- DIRECTIONS
Your copy of the entries must be exact, and it must not include the pictures.

[Records from a data source]

»»

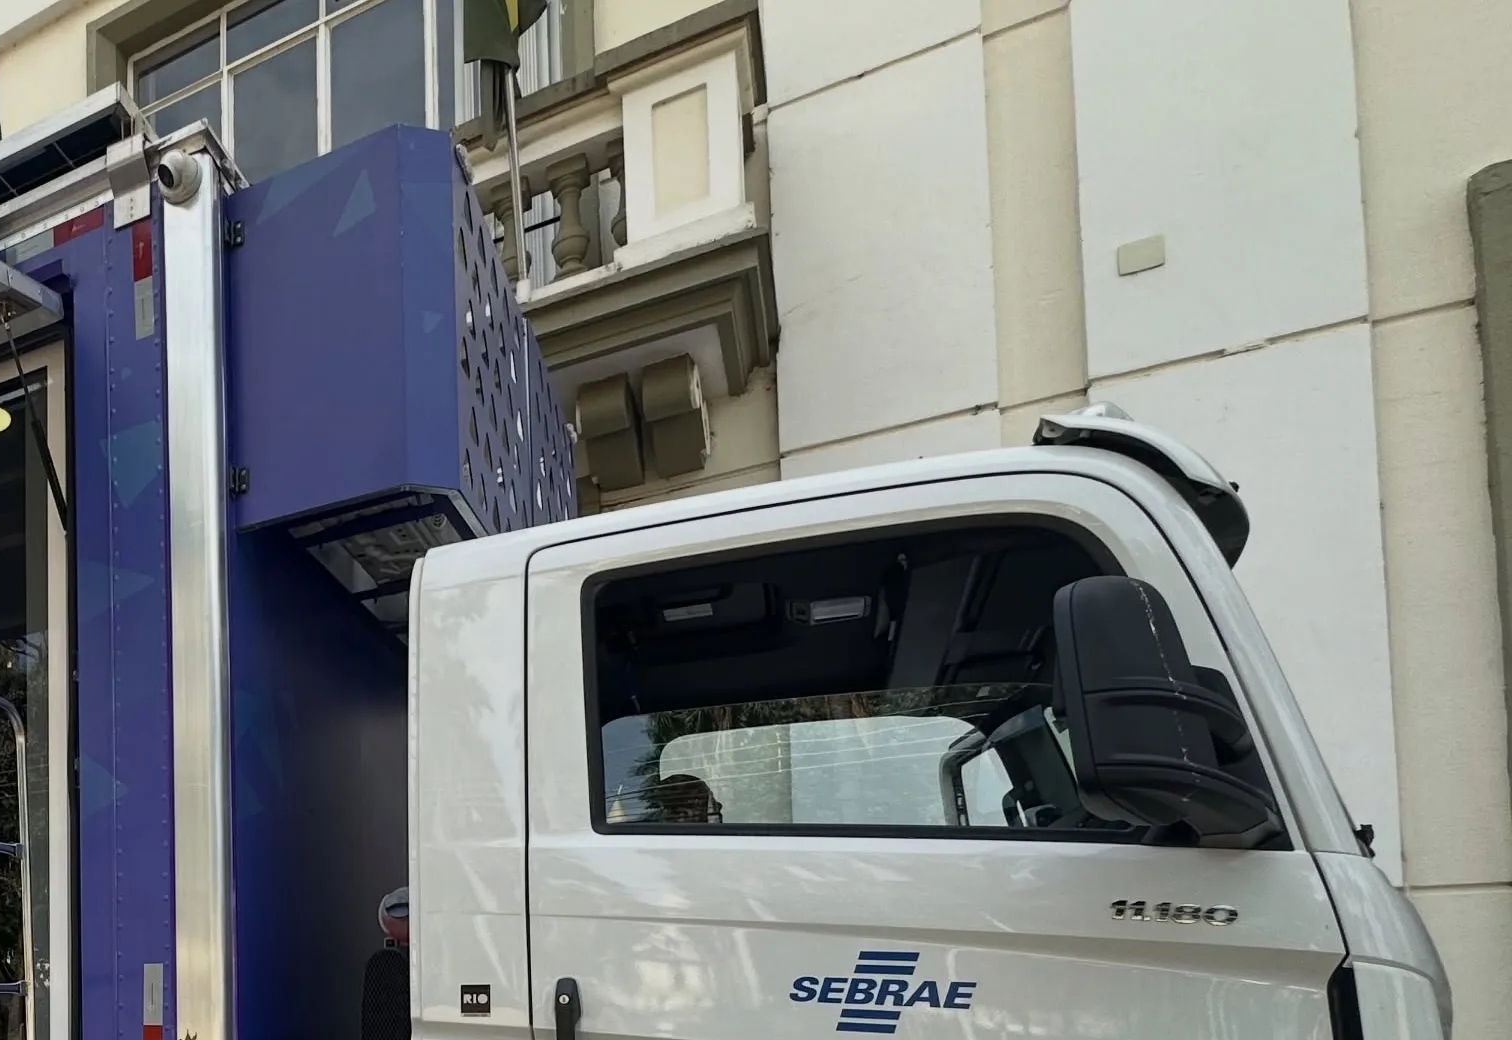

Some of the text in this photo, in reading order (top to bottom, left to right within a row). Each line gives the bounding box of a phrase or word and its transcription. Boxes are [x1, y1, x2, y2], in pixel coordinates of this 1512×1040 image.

[1110, 899, 1238, 926] 11.180
[463, 993, 489, 1004] RIO
[789, 976, 977, 1010] SEBRAE
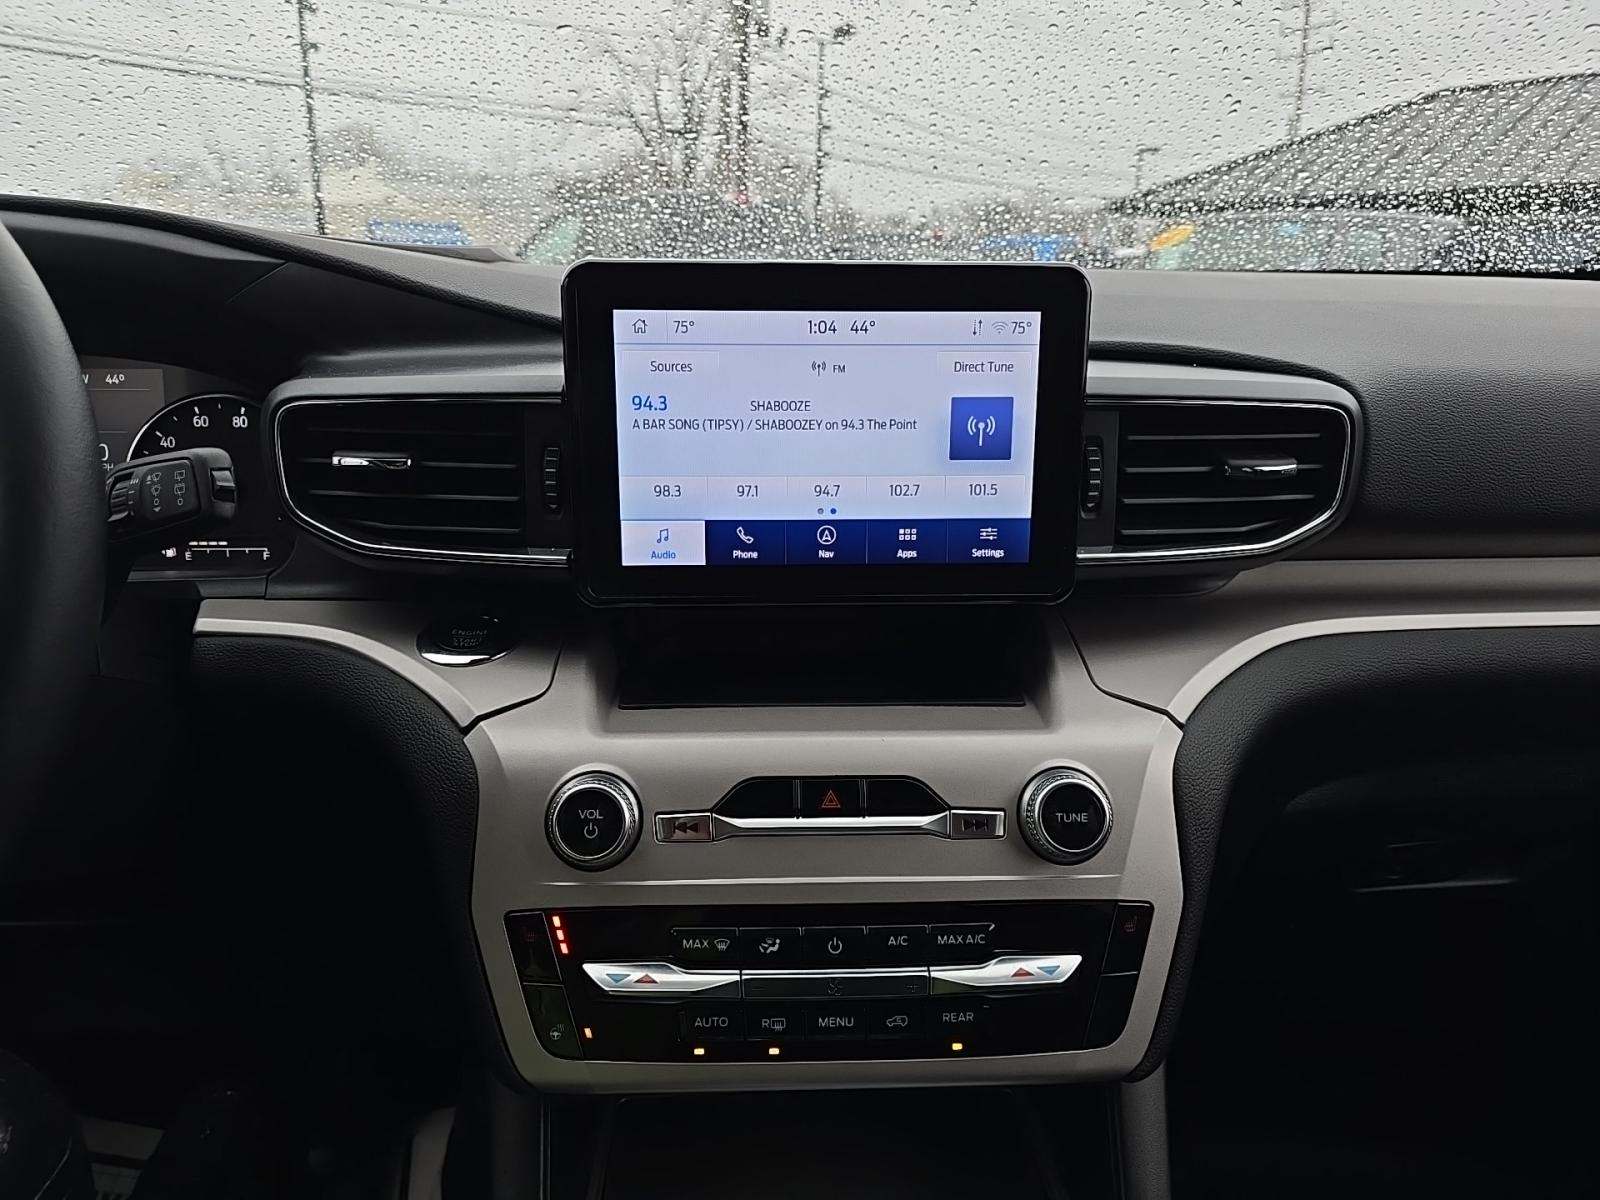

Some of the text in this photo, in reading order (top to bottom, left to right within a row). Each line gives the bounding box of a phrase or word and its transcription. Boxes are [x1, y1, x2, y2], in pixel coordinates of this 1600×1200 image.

[672, 320, 695, 334] 75°
[807, 320, 876, 334] 1:04 44°
[1011, 321, 1033, 335] 75°
[650, 360, 693, 373] Sources
[832, 364, 846, 373] FM
[954, 361, 1014, 373] Direct Tune
[631, 395, 668, 411] 94.3
[750, 400, 811, 412] SHABOOZE
[193, 415, 209, 428] 60
[232, 415, 248, 428] 80
[632, 419, 640, 430] A
[643, 419, 666, 430] BAR
[669, 419, 700, 430] SONG
[702, 418, 744, 432] (TIPSY)
[755, 418, 823, 431] SHABOOZEY
[825, 420, 839, 430] on
[841, 419, 865, 430] 94.3
[867, 418, 887, 430] The
[889, 418, 918, 430] Point
[160, 436, 176, 448] 40
[653, 485, 681, 497] 98.3
[736, 485, 759, 497] 97.1
[814, 484, 840, 497] 94.7
[889, 484, 920, 496] 102.7
[969, 484, 998, 496] 101.5
[651, 551, 676, 559] Audio
[733, 550, 758, 559] Phone
[818, 550, 834, 558] Nav
[896, 549, 917, 559] Apps
[972, 548, 1005, 558] Settings
[578, 809, 603, 820] VOL
[1055, 812, 1089, 823] TUNE
[682, 939, 710, 949] MAX
[888, 935, 908, 946] A/C
[937, 934, 986, 945] MAX A/C
[694, 1017, 729, 1027] AUTO
[818, 1016, 854, 1028] MENU
[942, 1012, 975, 1023] REAR

««

- YOUR RESPONSE
Some of the text in this photo, in reading order (top to bottom, left to right within a row). Each line gives the bounding box of a phrase or word and its transcription. Boxes are [x1, y1, x2, y2], in pixel coordinates of this 1512×1040 image.

[1110, 899, 1238, 926] 11.180
[463, 993, 489, 1004] RIO
[789, 976, 977, 1010] SEBRAE

Some of the text in this photo, in reading order (top to bottom, left to right within a row). Each line gives the bounding box of a phrase or word and its transcription. Boxes are [x1, y1, x2, y2], in pixel coordinates of this 1600×1200 image.

[672, 320, 695, 334] 75°
[807, 320, 876, 334] 1:04 44°
[1011, 321, 1033, 335] 75°
[650, 360, 693, 373] Sources
[832, 364, 846, 373] FM
[954, 361, 1014, 373] Direct Tune
[631, 395, 668, 411] 94.3
[750, 400, 811, 412] SHABOOZE
[193, 415, 209, 428] 60
[232, 415, 248, 428] 80
[632, 419, 640, 430] A
[643, 419, 666, 430] BAR
[669, 419, 700, 430] SONG
[702, 418, 744, 432] (TIPSY)
[755, 418, 823, 431] SHABOOZEY
[825, 420, 839, 430] on
[841, 419, 865, 430] 94.3
[867, 418, 887, 430] The
[889, 418, 918, 430] Point
[160, 436, 176, 448] 40
[653, 485, 681, 497] 98.3
[736, 485, 759, 497] 97.1
[814, 484, 840, 497] 94.7
[889, 484, 920, 496] 102.7
[969, 484, 998, 496] 101.5
[651, 551, 676, 559] Audio
[733, 550, 758, 559] Phone
[818, 550, 834, 558] Nav
[896, 549, 917, 559] Apps
[972, 548, 1005, 558] Settings
[578, 809, 603, 820] VOL
[1055, 812, 1089, 823] TUNE
[682, 939, 710, 949] MAX
[888, 935, 908, 946] A/C
[937, 934, 986, 945] MAX A/C
[694, 1017, 729, 1027] AUTO
[818, 1016, 854, 1028] MENU
[942, 1012, 975, 1023] REAR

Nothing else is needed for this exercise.